Today, this market includes names that were born under this model, such as the American Affirm and the Swedish Klarna. The two companies, however, have been facing difficulties, given the effects of the macroeconomic scenario and the corrections that are affecting technology companies.
At the same time, the BNPL segment has already attracted industry giants like Amazon and PayPal. The most recent sign came from Apple which, in June of this year, announced the launch of Apple Pay Later, a service that is its bet on this format.
In Brazil, Open Co will also compete for space with large companies, including Via, owner of Casas Bahia, and Midway, a finance company owned by the Guararapes group, controller of Riachuelo, which are already developing solutions under this concept.
Another rival is the Colombian Addi, which landed in Brazil in March of this year and which has already raised a total of US$ 376 million in resources, between contributions and debt operations, with companies such as Andreessen Horowitz, Goldman Sachs and Softbank.
New to this dispute, Open Co has other lines in its portfolio. The company’s flagship are personal loans, with credit from R$ 1,000 to R$ 50,000, in up to 36 installments and with personalized rates from 1.9% per month. Fintech sees, however, an important role for BNPL in this scope.
“There are several journeys in which we can have a point of contact with a customer, but the moment of financing the consumption of a good is a very positive moment in the consumer’s life”, says Reiss. “So, BNPL is a gateway to our ecosystem that we are going to encourage.”
Open Co has already served more than 7 million customers and accumulates a volume of more than R$ 3 billion in loans granted. To continue financing these operations, the most recent funding, carried out in November, involved a Credit Rights Investment Fund (FIDC) of R$ 200 million.
Open Co has already served more than 7 million customers and accumulates a volume of more than R$ 3 billion in loans granted
Before, the company had already raised an FIDC of R$ 1.5 billion, in April 2021. Despite this volume of resources, in 2022, the company’s plans were affected by the macroeconomic scenario, the increase in the cost of capital, the high interest rates and, consequently, default.

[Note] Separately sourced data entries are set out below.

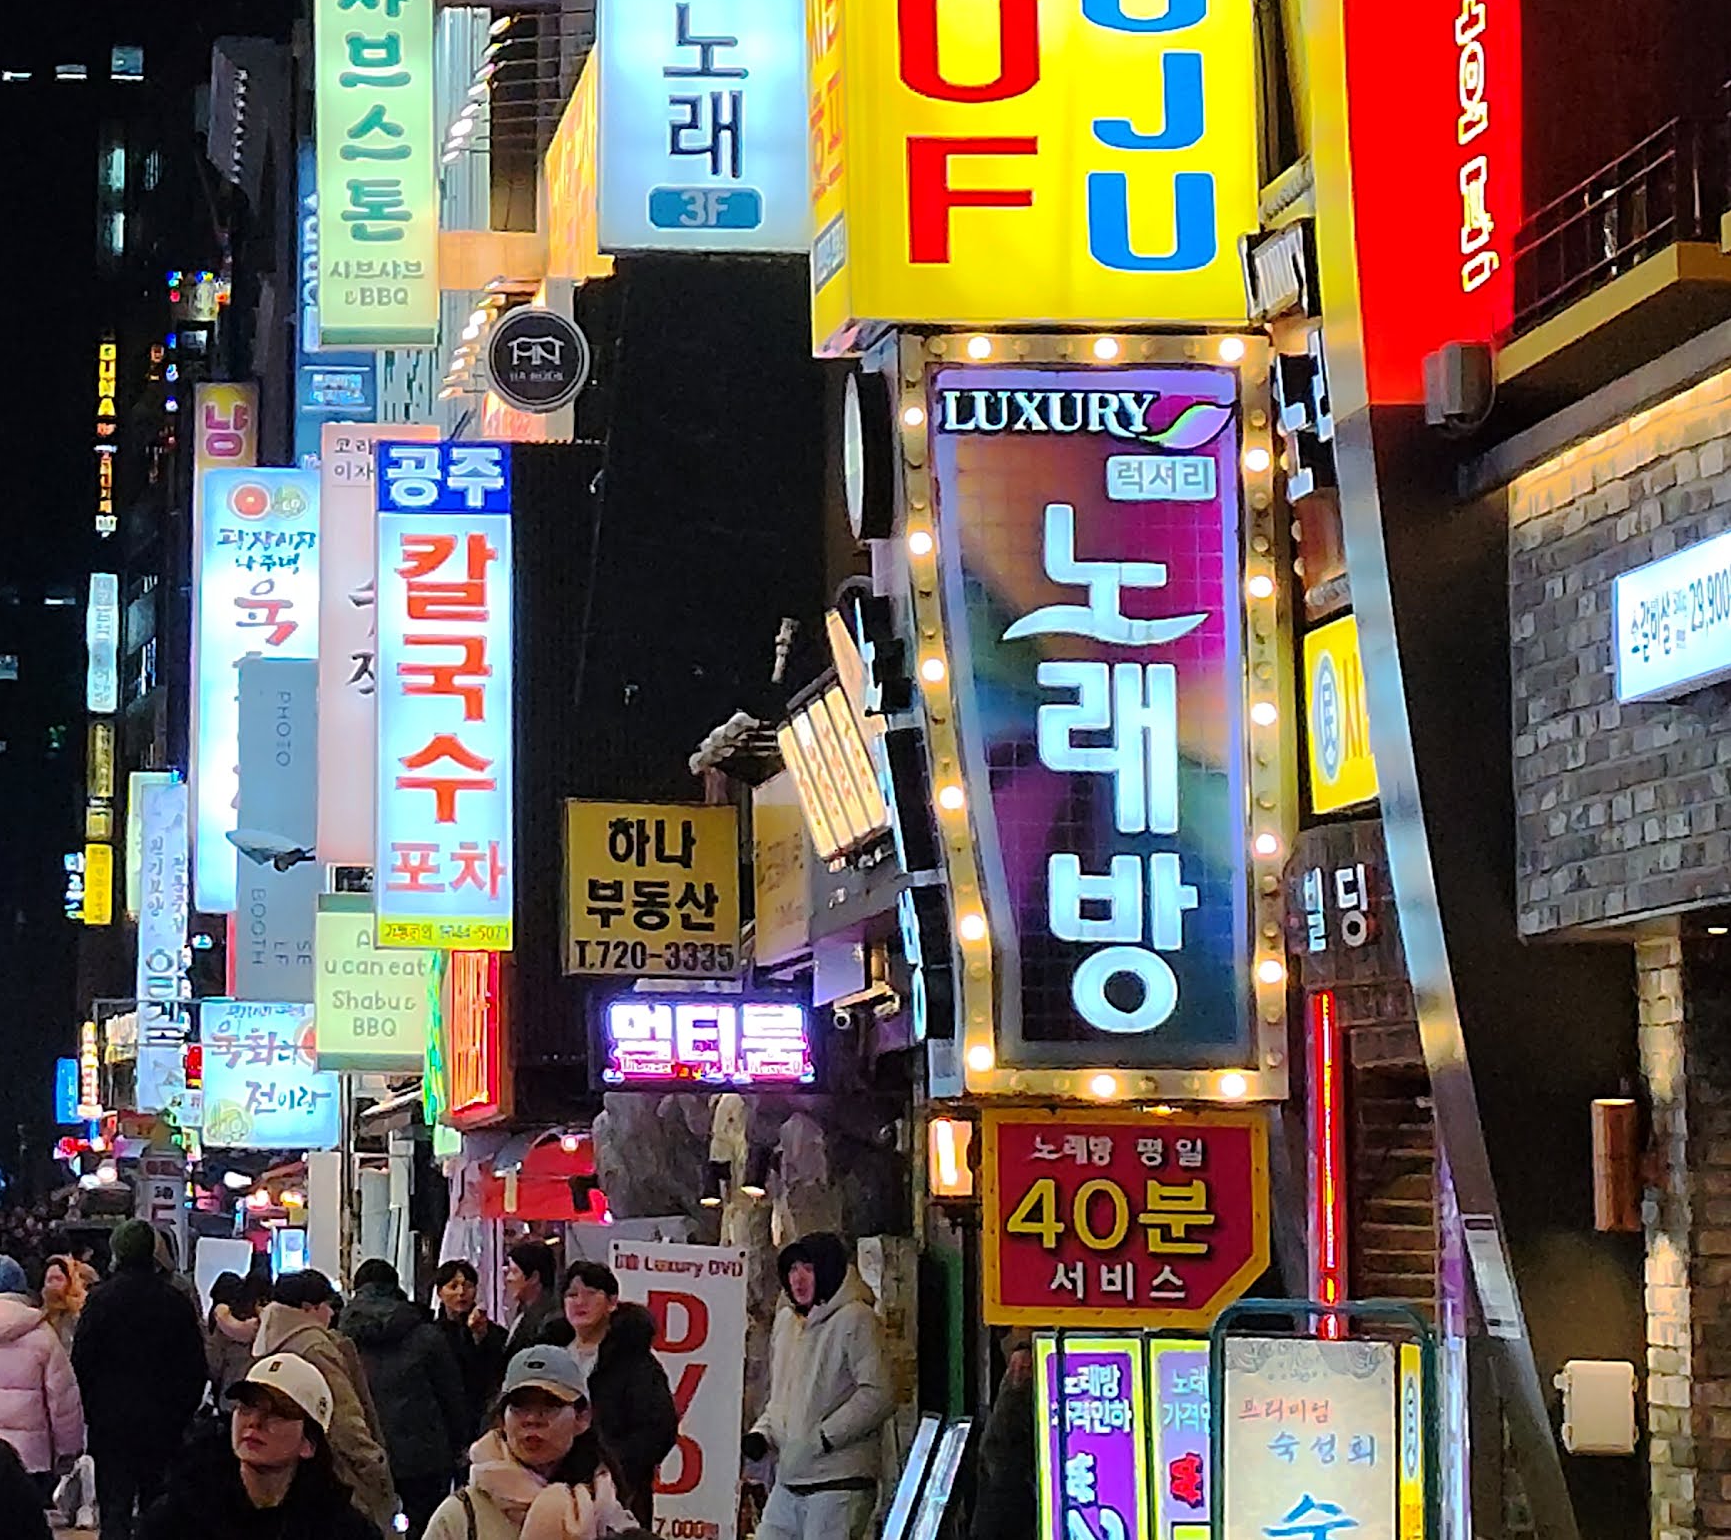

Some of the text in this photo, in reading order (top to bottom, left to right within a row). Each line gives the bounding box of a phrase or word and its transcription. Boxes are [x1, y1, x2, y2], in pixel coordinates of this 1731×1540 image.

[678, 193, 730, 227] 3F
[942, 391, 1154, 441] LUXURY
[385, 445, 505, 509] 공주
[1114, 461, 1210, 494] 럭셔리
[391, 530, 503, 825] 칼국수
[1002, 503, 1210, 1035] 노래방
[606, 816, 698, 871] 하나
[385, 836, 508, 903] 포차
[584, 877, 720, 934] 부동산
[574, 938, 735, 974] T.720-3335
[332, 990, 401, 1011] Shabu
[352, 1017, 398, 1038] BBQ
[1031, 1134, 1205, 1167] 노래방 평일
[1006, 1178, 1216, 1254] 40분
[1049, 1261, 1188, 1301] 서비스
[1268, 1431, 1378, 1467] 숙성회

While not disclosing default levels in Open Co’s portfolio, Reiss notes that they are worse than the operation’s historical averages, but still performing “better than the market average”.
“Different from what we had planned, we chose to grow our credit portfolio less this year”, he says. “Thus, we decided to look more inwards and continue investing in the team, technology, products and channels.”

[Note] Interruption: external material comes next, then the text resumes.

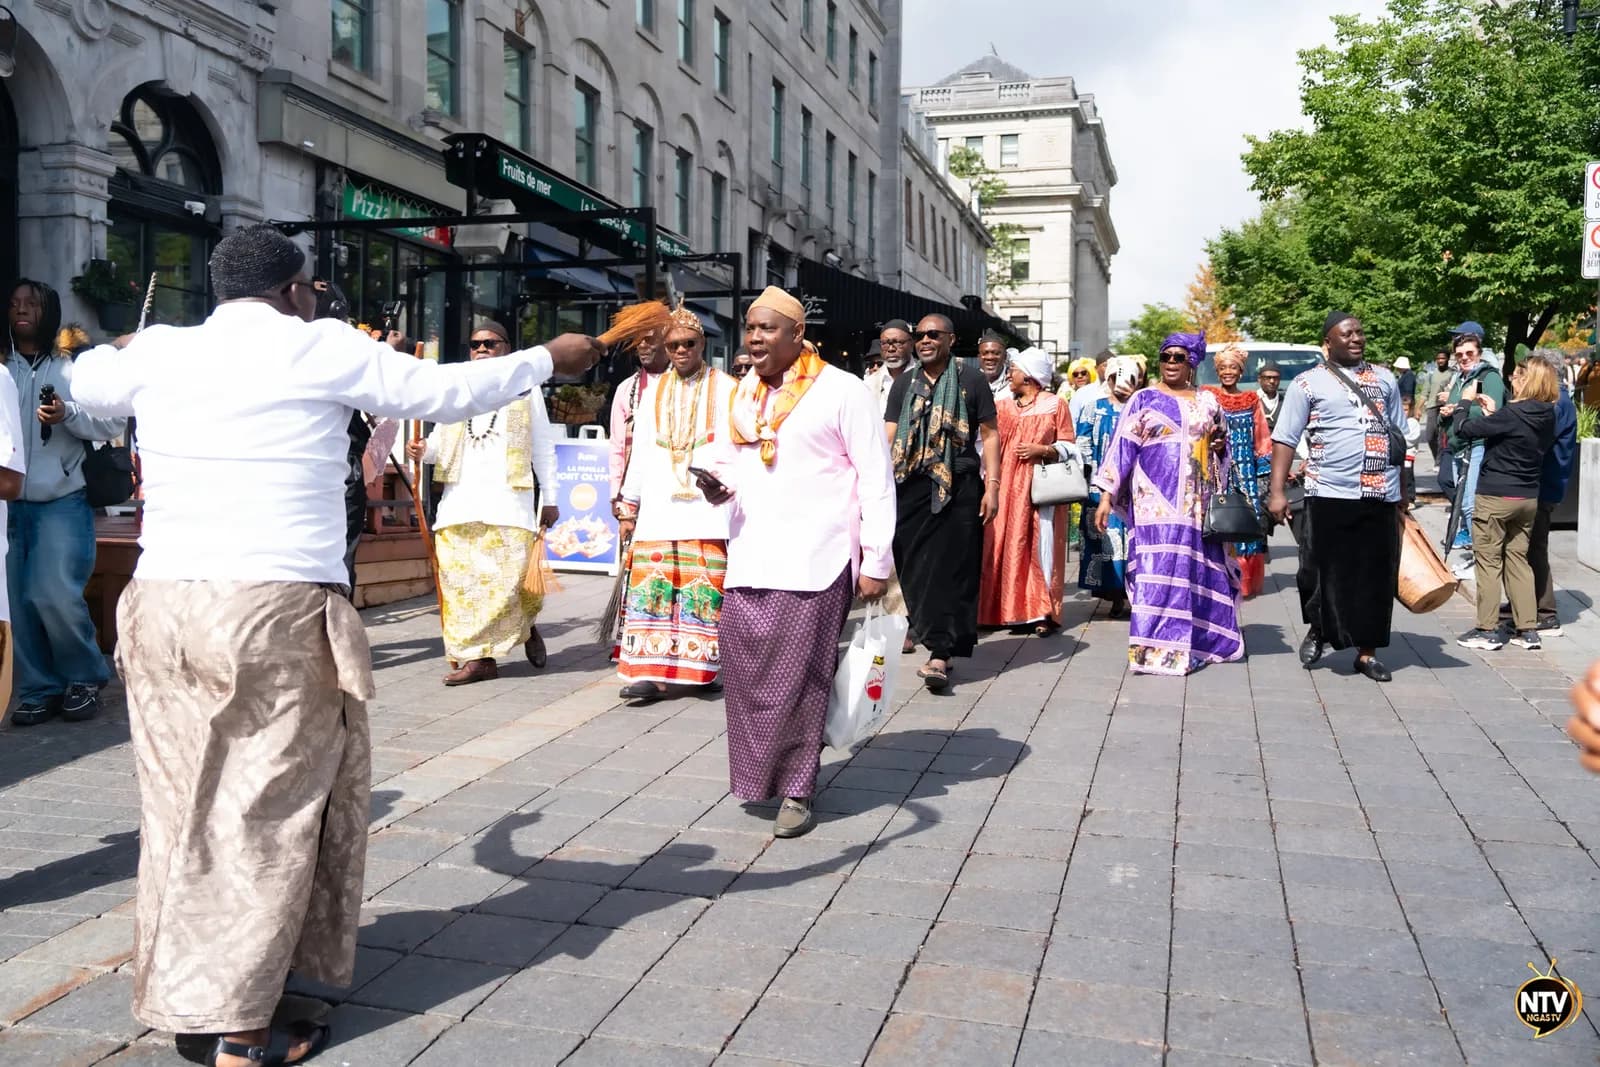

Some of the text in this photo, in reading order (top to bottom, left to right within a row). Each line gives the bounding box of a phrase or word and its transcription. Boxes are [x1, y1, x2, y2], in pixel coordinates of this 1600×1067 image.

This strategy was supported by a BRL 600 million contribution, led by Softbank and raised in December 2021. Now, after closing its first acquisition, the company does not rule out adding new pieces to its M&As track.
“We don’t have a deliberate, grandiose plan for inorganic expansion. Our focus is on building our experiences in-house,” says Reiss. “But we’ve had a lot of conversations, and if someone is doing something we want, ahead of us or in a different way, we’re going to look at the opportunity.”